Work task
Leave every picture out, then reproduce the rest of the listing exactly.

Material for this task
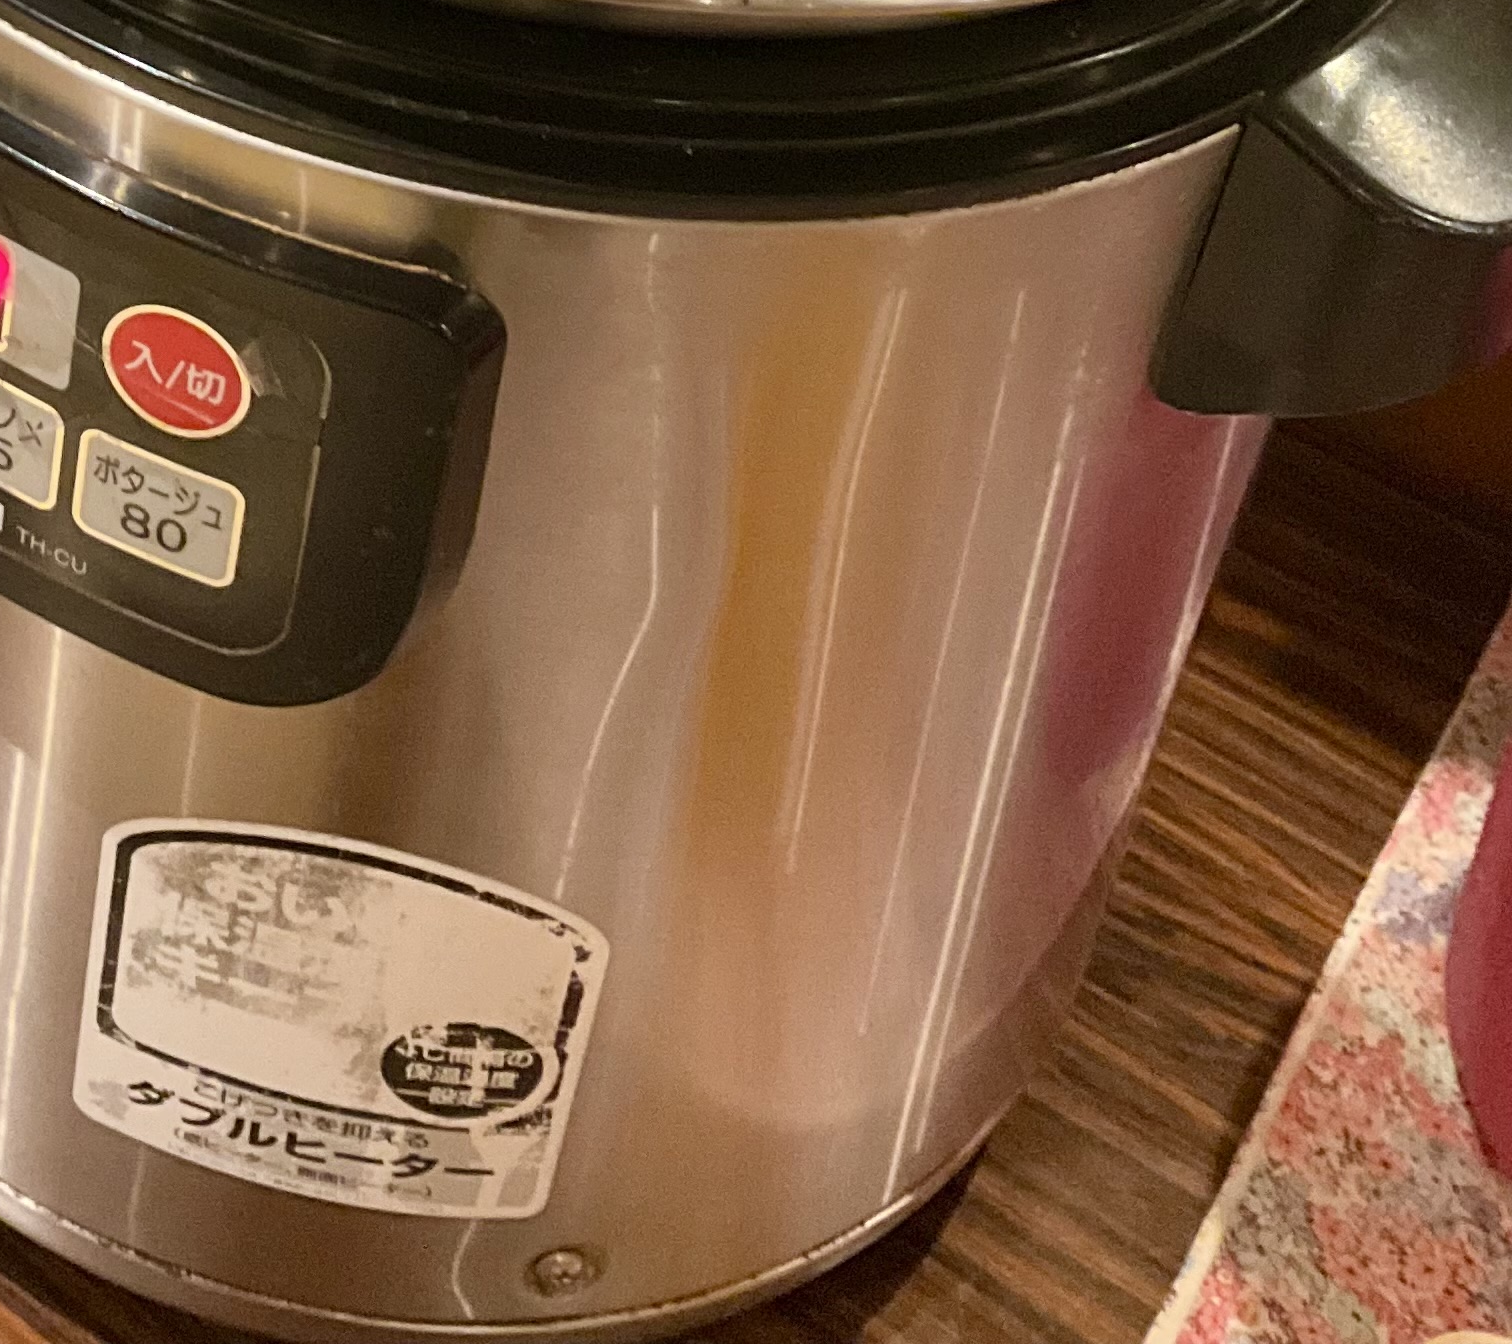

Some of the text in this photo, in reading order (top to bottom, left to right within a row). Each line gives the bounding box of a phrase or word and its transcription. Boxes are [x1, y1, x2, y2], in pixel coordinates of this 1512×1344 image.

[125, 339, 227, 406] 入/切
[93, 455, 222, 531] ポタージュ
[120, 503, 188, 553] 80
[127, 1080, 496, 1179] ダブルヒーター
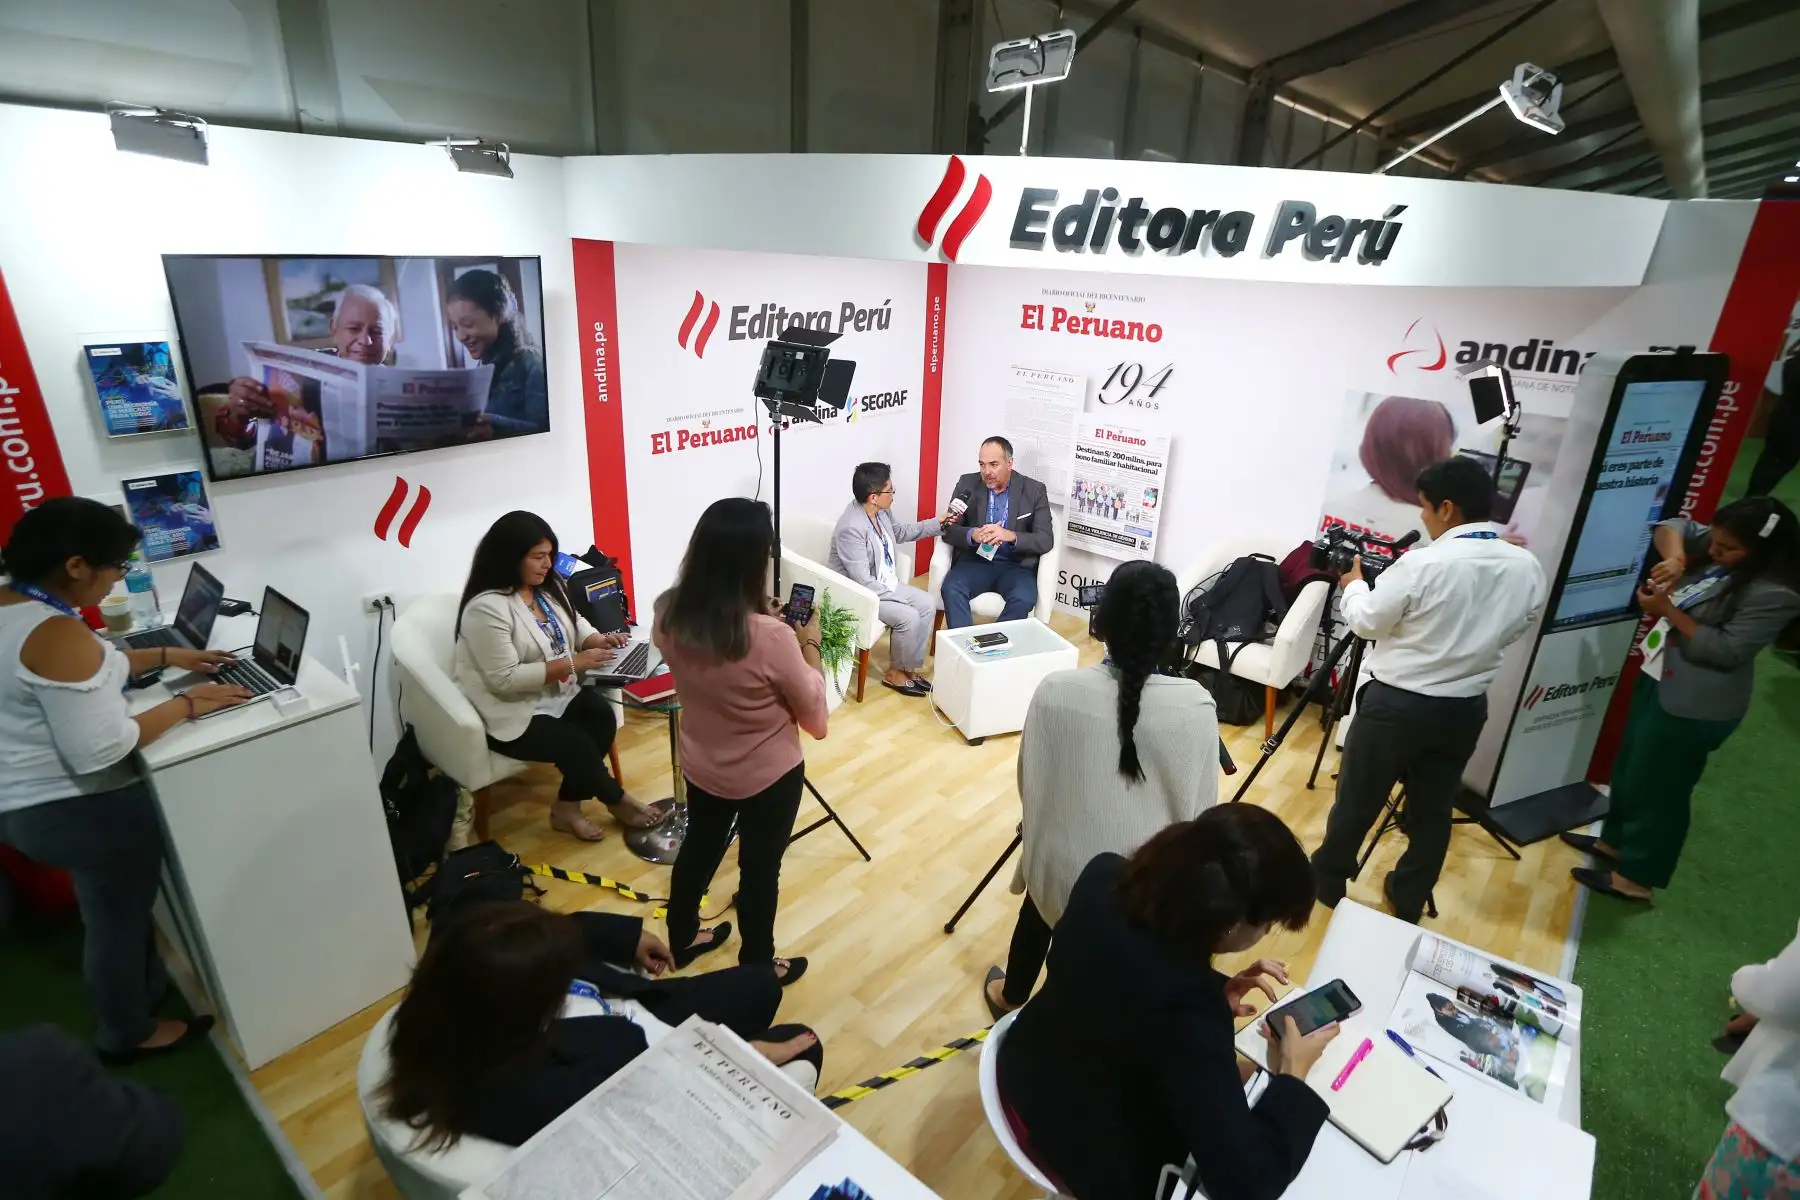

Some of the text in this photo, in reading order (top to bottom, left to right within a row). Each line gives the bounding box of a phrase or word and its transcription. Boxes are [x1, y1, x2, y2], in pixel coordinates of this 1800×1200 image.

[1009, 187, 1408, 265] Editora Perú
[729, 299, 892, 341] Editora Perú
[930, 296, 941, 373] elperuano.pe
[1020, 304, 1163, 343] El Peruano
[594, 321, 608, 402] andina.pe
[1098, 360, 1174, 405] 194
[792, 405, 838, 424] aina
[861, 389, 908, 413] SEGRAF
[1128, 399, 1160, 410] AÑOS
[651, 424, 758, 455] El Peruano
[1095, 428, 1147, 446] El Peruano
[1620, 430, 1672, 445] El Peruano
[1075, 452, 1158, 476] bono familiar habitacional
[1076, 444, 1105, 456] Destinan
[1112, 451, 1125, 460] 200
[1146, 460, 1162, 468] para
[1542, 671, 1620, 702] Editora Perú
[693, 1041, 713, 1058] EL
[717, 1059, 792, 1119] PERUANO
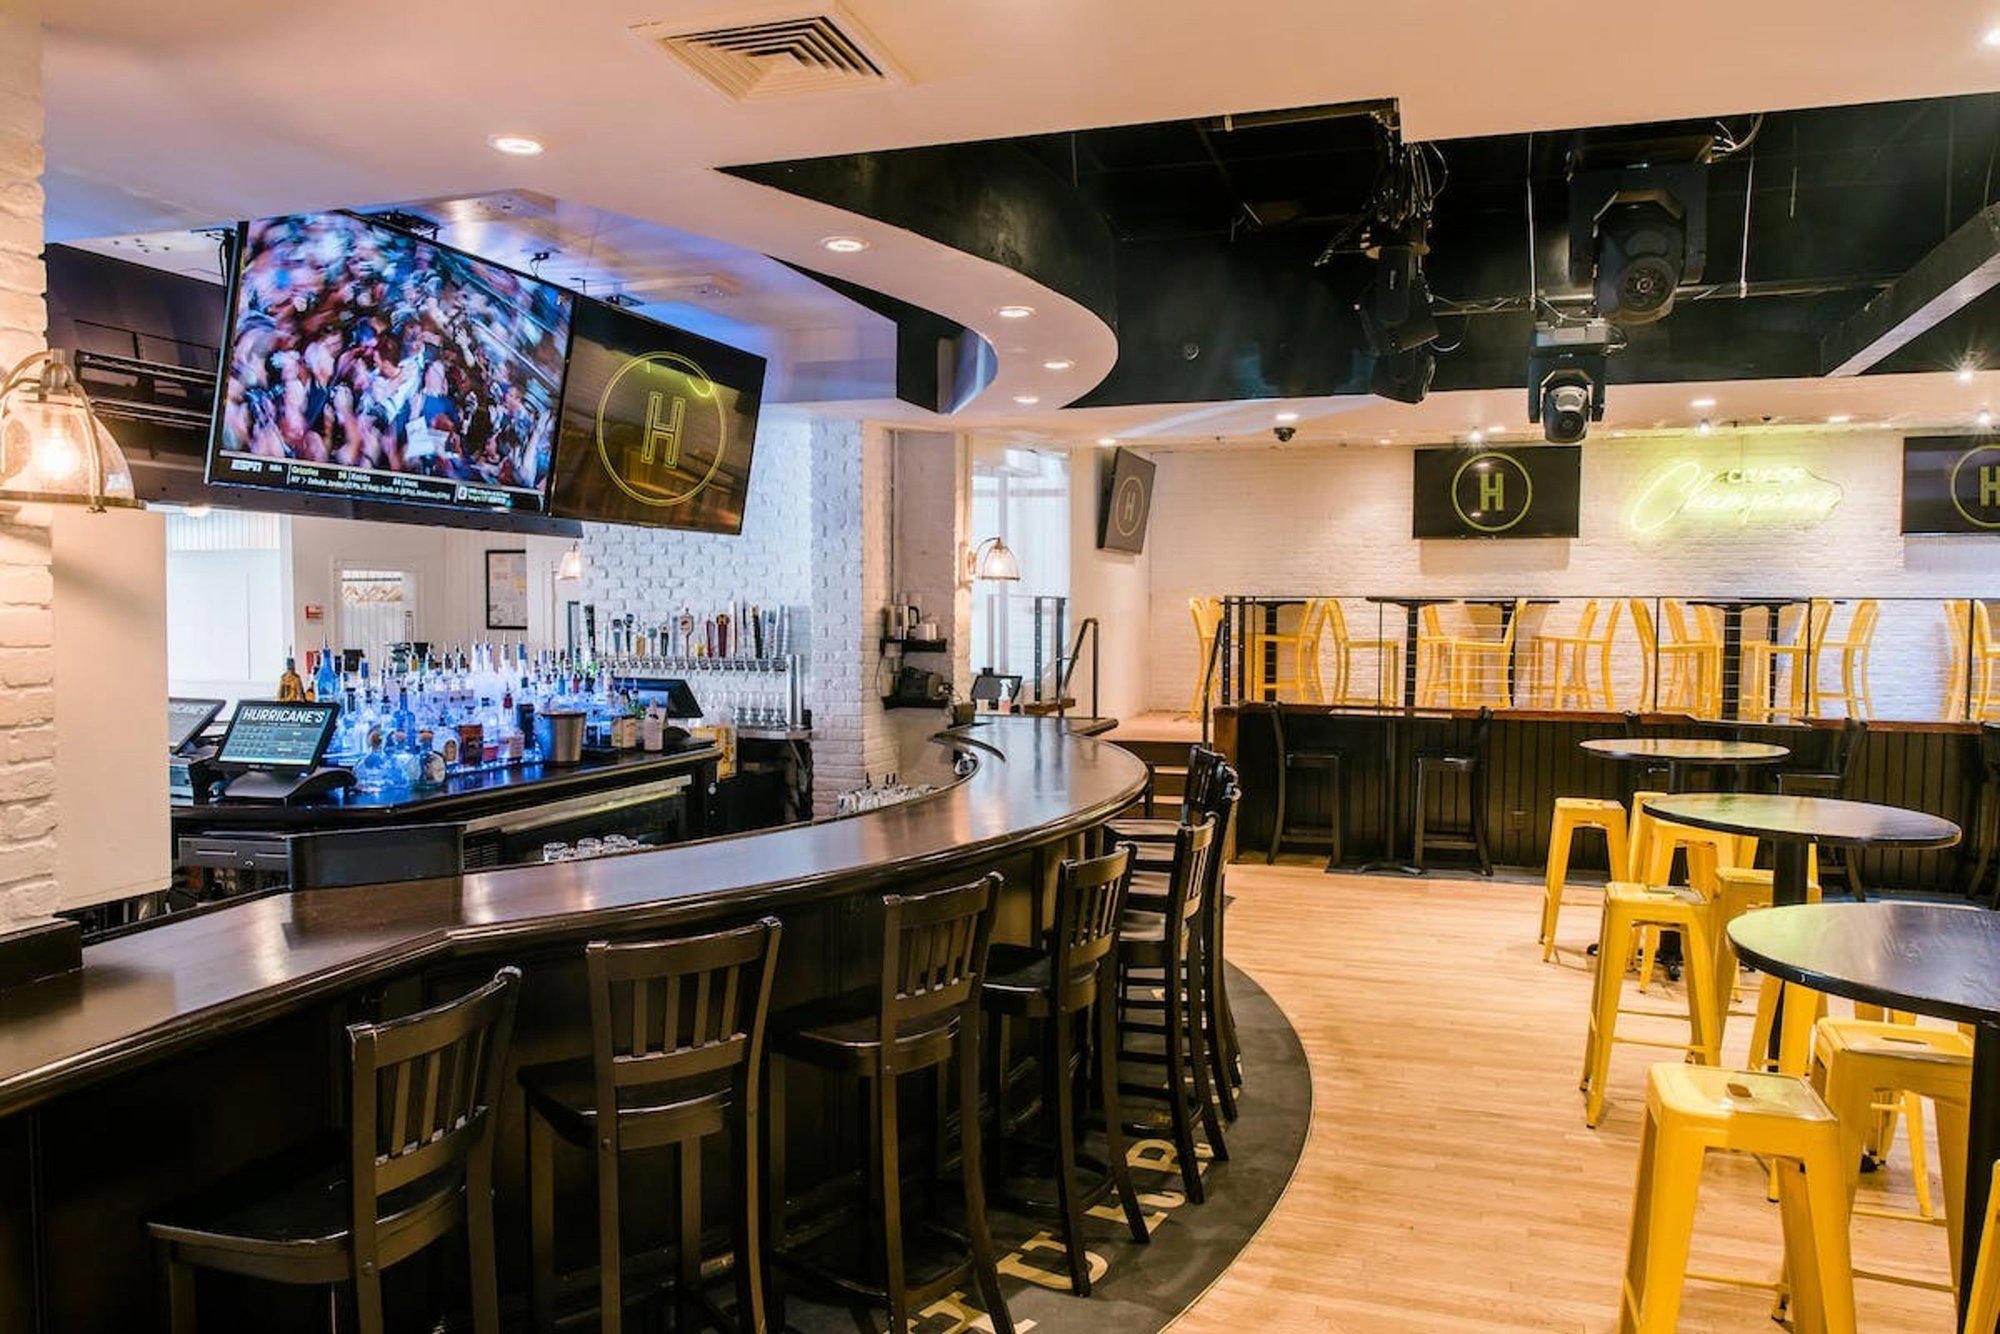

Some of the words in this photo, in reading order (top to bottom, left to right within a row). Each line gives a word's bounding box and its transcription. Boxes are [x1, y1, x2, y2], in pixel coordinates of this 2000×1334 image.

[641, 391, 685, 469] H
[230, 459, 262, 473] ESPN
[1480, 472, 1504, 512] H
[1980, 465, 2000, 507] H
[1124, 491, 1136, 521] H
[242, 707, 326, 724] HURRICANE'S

Answer to this exercise
Some of the text in this photo, in reading order (top to bottom, left to right within a row). Each line gives the bounding box of a phrase or word and its transcription. Boxes are [x1, y1, x2, y2], in pixel coordinates of this 1512×1344 image.

[125, 339, 227, 406] 入/切
[93, 455, 222, 531] ポタージュ
[120, 503, 188, 553] 80
[127, 1080, 496, 1179] ダブルヒーター

Some of the text in this photo, in reading order (top to bottom, left to right within a row). Each line gives the bounding box of a phrase or word and its transcription. Boxes are [x1, y1, x2, y2], in pixel coordinates of this 1800×1200 image.

[1009, 187, 1408, 265] Editora Perú
[729, 299, 892, 341] Editora Perú
[930, 296, 941, 373] elperuano.pe
[1020, 304, 1163, 343] El Peruano
[594, 321, 608, 402] andina.pe
[1098, 360, 1174, 405] 194
[792, 405, 838, 424] aina
[861, 389, 908, 413] SEGRAF
[1128, 399, 1160, 410] AÑOS
[651, 424, 758, 455] El Peruano
[1095, 428, 1147, 446] El Peruano
[1620, 430, 1672, 445] El Peruano
[1075, 452, 1158, 476] bono familiar habitacional
[1076, 444, 1105, 456] Destinan
[1112, 451, 1125, 460] 200
[1146, 460, 1162, 468] para
[1542, 671, 1620, 702] Editora Perú
[693, 1041, 713, 1058] EL
[717, 1059, 792, 1119] PERUANO

Some of the words in this photo, in reading order (top to bottom, left to right within a row). Each line gives a word's bounding box and its transcription. Boxes are [x1, y1, x2, y2], in pixel coordinates of this 2000×1334 image.

[641, 391, 685, 469] H
[230, 459, 262, 473] ESPN
[1480, 472, 1504, 512] H
[1980, 465, 2000, 507] H
[1124, 491, 1136, 521] H
[242, 707, 326, 724] HURRICANE'S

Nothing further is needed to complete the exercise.